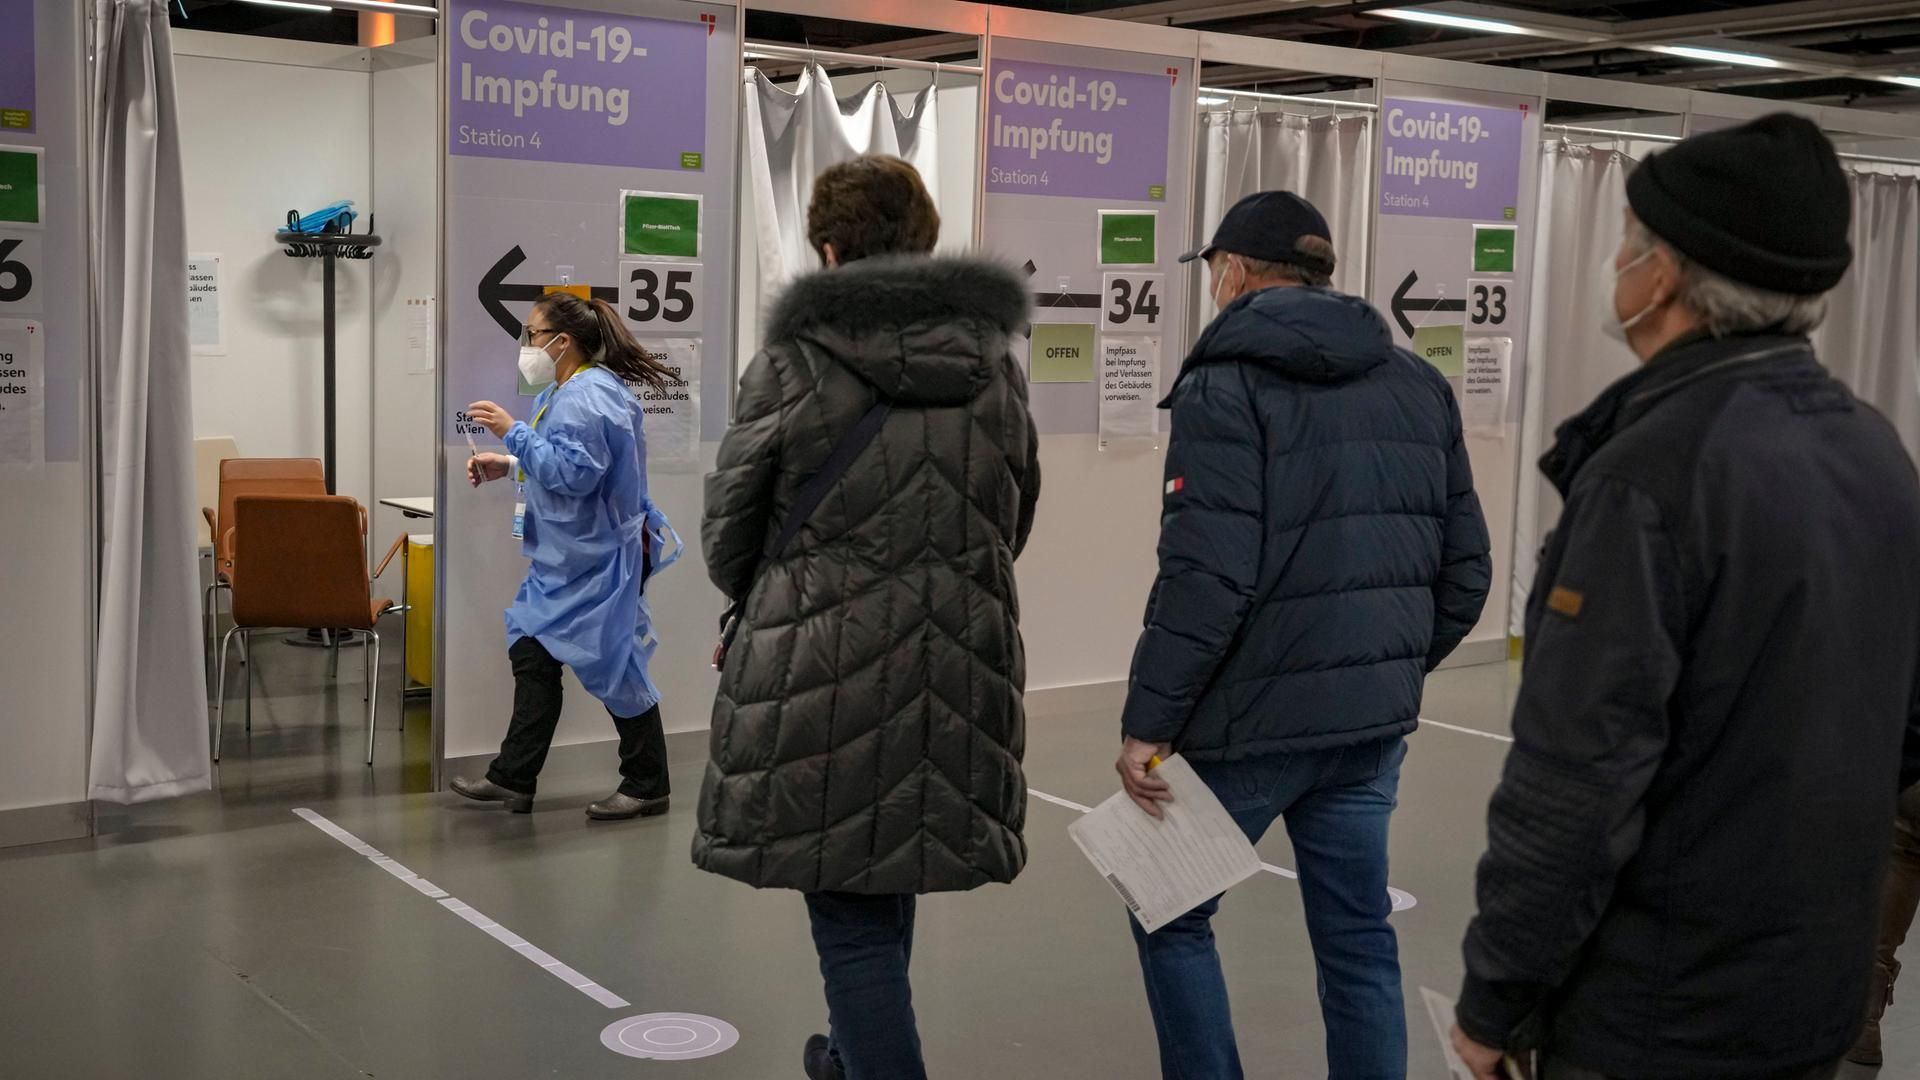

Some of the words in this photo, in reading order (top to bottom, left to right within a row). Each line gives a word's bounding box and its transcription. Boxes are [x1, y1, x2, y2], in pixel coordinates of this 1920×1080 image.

[460, 9, 648, 64] Covid-19-
[461, 62, 630, 126] Impfung
[994, 70, 1128, 112] Covid-19-
[1387, 108, 1489, 143] Covid-19-
[458, 125, 525, 148] Station
[529, 131, 542, 149] 4
[993, 114, 1114, 165] Impfung
[991, 167, 1038, 186] Station
[1039, 171, 1049, 185] 4
[1385, 146, 1479, 189] Impfung
[1383, 191, 1421, 208] Station
[1421, 195, 1430, 208] 4
[627, 269, 695, 323] 35
[1108, 278, 1160, 324] 34
[1471, 284, 1507, 325] 33
[1045, 347, 1080, 359] OFFEN
[1106, 346, 1137, 357] Impfpass
[1426, 346, 1453, 358] OFFEN
[1105, 357, 1116, 366] bei
[1117, 357, 1146, 368] Impfung
[1105, 369, 1119, 378] und
[1119, 369, 1153, 378] Verlassen
[1104, 380, 1118, 389] des
[1118, 380, 1152, 389] Gebäudes
[1104, 392, 1142, 401] vorweisen.
[455, 411, 476, 423] Sta
[642, 404, 674, 414] weisen.
[455, 423, 486, 434] Wien

☆ ☆ ☆ ☆

WORK REQUIRED —
Pictures aren't part of the copy; return each record above exactly.

YOUR RESPONSE —
Some of the words in this photo, in reading order (top to bottom, left to right within a row). Each line gives a word's bounding box and its transcription. Boxes are [x1, y1, x2, y2], in pixel coordinates of this 1920×1080 image.

[460, 9, 648, 64] Covid-19-
[461, 62, 630, 126] Impfung
[994, 70, 1128, 112] Covid-19-
[1387, 108, 1489, 143] Covid-19-
[458, 125, 525, 148] Station
[529, 131, 542, 149] 4
[993, 114, 1114, 165] Impfung
[991, 167, 1038, 186] Station
[1039, 171, 1049, 185] 4
[1385, 146, 1479, 189] Impfung
[1383, 191, 1421, 208] Station
[1421, 195, 1430, 208] 4
[627, 269, 695, 323] 35
[1108, 278, 1160, 324] 34
[1471, 284, 1507, 325] 33
[1045, 347, 1080, 359] OFFEN
[1106, 346, 1137, 357] Impfpass
[1426, 346, 1453, 358] OFFEN
[1105, 357, 1116, 366] bei
[1117, 357, 1146, 368] Impfung
[1105, 369, 1119, 378] und
[1119, 369, 1153, 378] Verlassen
[1104, 380, 1118, 389] des
[1118, 380, 1152, 389] Gebäudes
[1104, 392, 1142, 401] vorweisen.
[455, 411, 476, 423] Sta
[642, 404, 674, 414] weisen.
[455, 423, 486, 434] Wien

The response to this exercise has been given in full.